For those who are forensics trained and practiced in multiple states like @whopper , how much do you feel is state dependent vs. applicable nationally?
Unfortunately the locality can heavily make up the results and not because of the laws but due to ignorance.
Local yokel judge for example is doing something completely inappropriate, doesn't know it, no one wants to say it cause they don't want to risk the judge's ire.

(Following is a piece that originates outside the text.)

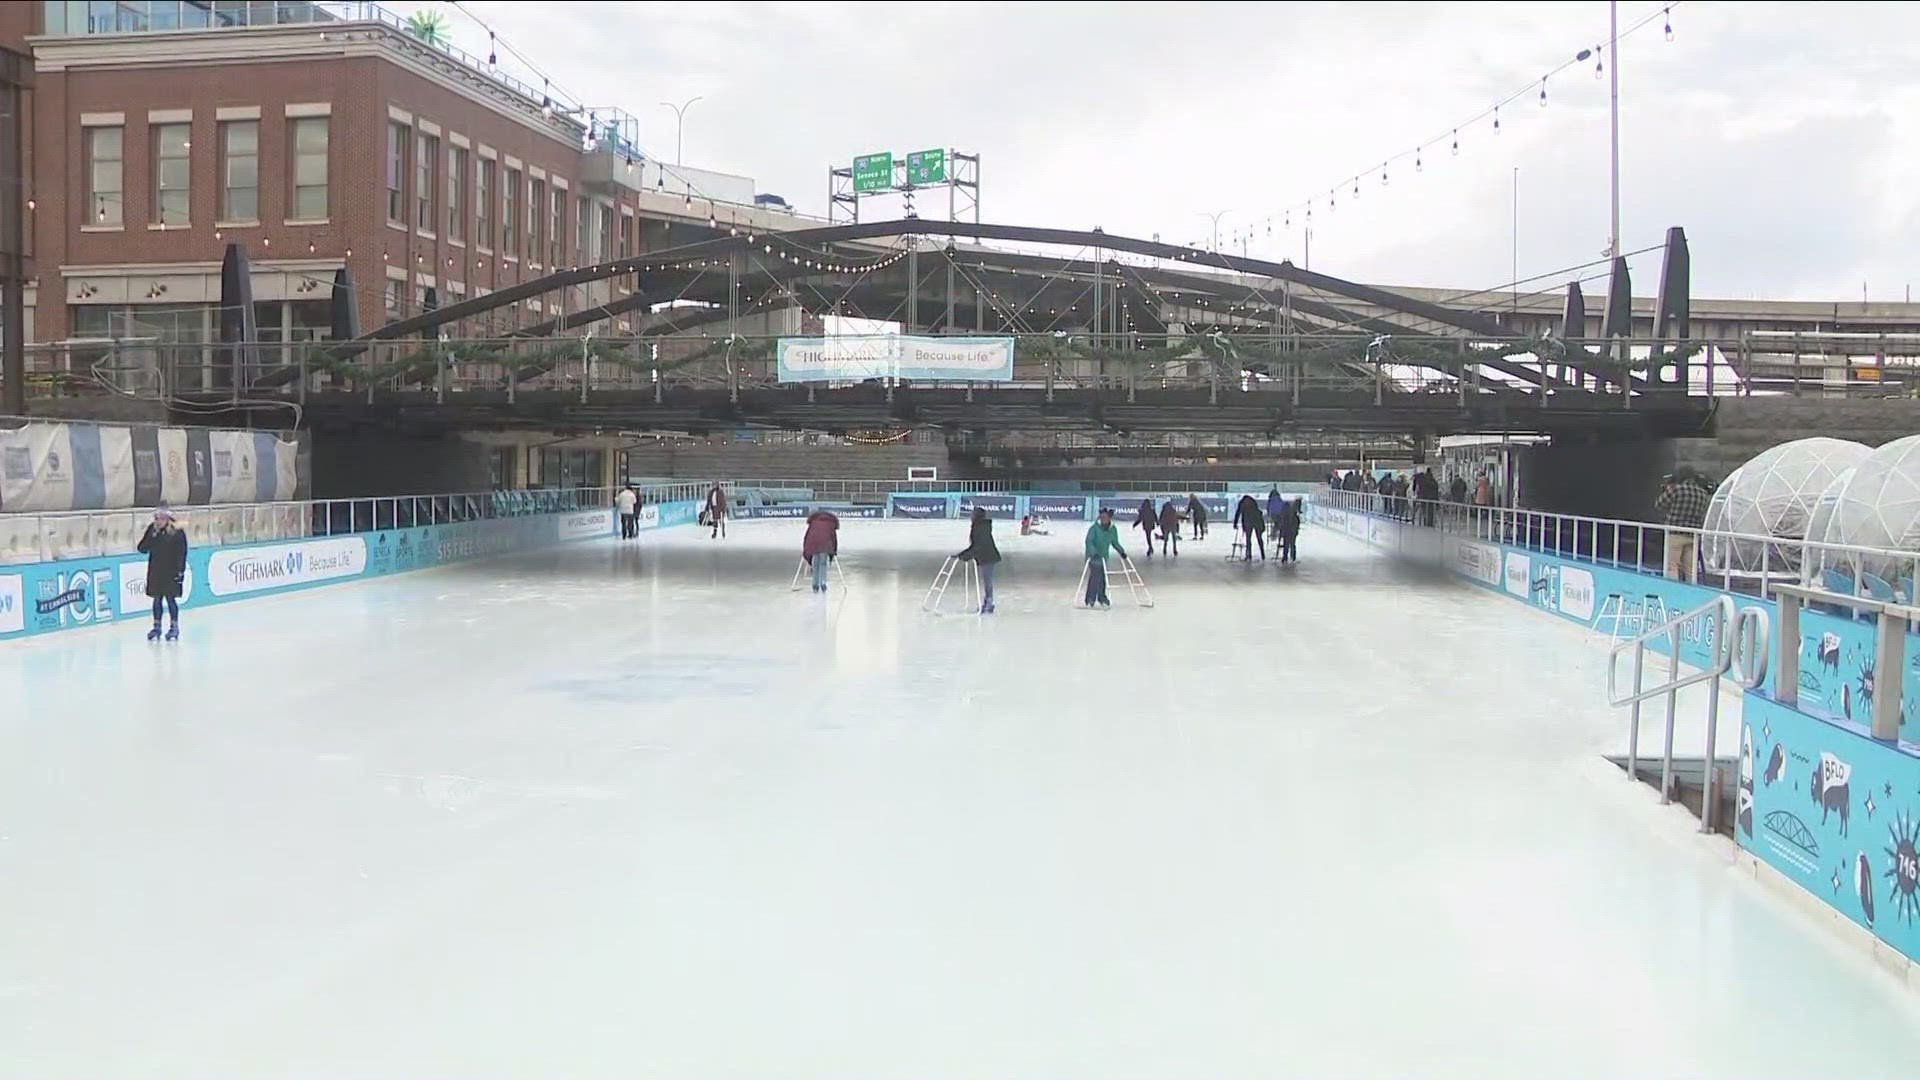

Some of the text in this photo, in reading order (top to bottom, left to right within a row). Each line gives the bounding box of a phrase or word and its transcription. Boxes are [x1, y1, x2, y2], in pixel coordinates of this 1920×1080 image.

E.g. the patient is ordered by the court for an NGRI evaluation and a competency evaluation at the same time. You can't do an NGRI evaluation until it's already been determined that the patient has the capacity, and then competency by the court to give an NGRI decision for a defense. Turns out the idiot local forensic psychologist (or psychiatrist) does it this way so she can double-bill for the same amount of work and told the local yokel judge this is completely appropriate.
So I'm called in the case, am asked to do both the NGRI and competency evaluations at once and I say this goes against the professional ethics without trying to say this actually violates legal procedure to save the judge face. Judge mutters to lawyers "but we've been doing it this way for years and Dr. Joanna Quack told me so!"
And this was in a locality that was only minutes away from Hamilton County, OH where from my experience the judges are the most on top of the legal/medicine interface more so than I've ever seen in any other place I've worked. In large part because Ohio had 3 power-house forensic psychiatrists (Phil Resnick, Doug Mossman, and Steve Noffsinger) not only work in this state but heavily guide the state towards the light with forensic psychiatry.
I had a local judge who did not know mental health law at all preside over a forensic psychiatric case and the guy every few minutes declared this was his first mental-health related case and triple checked the case law and did everything appropriately. I was very impressed. I could tell he must've spent at least a dozen hours reading the case law, and during the case he specifically said comments like, "I'm basing my decision on the precedent established in the case of X v Y for future-reference," while the local-yokel judge I mentioned above I could tell tried to cut every corner, do the least amount of work possible, and wasn't aware of the landmark cases that already determined the norms of practice his court was not following.
A forensic psychiatrist could write a 50 page report and some judges only read the last paragraph where you give the thumbs up vs down to the specific legal question.
The bottom line is a lot of this depends on the judge. The lawyer working with you may know the judge's thought process. Of course know the state and local laws but guess what? Depending on the judge none of this, despite being important ethically, legally, everythingally you can think of, bad judge-doesn't matter. If he doesn't know the law, it won't much if you follow the established precedent that he's not for this specific case. All you can do is do your best so you can walk out of there with your self-respect intact, and on the chance the case is appealed you can claim you did what you were supposed to do while others were not.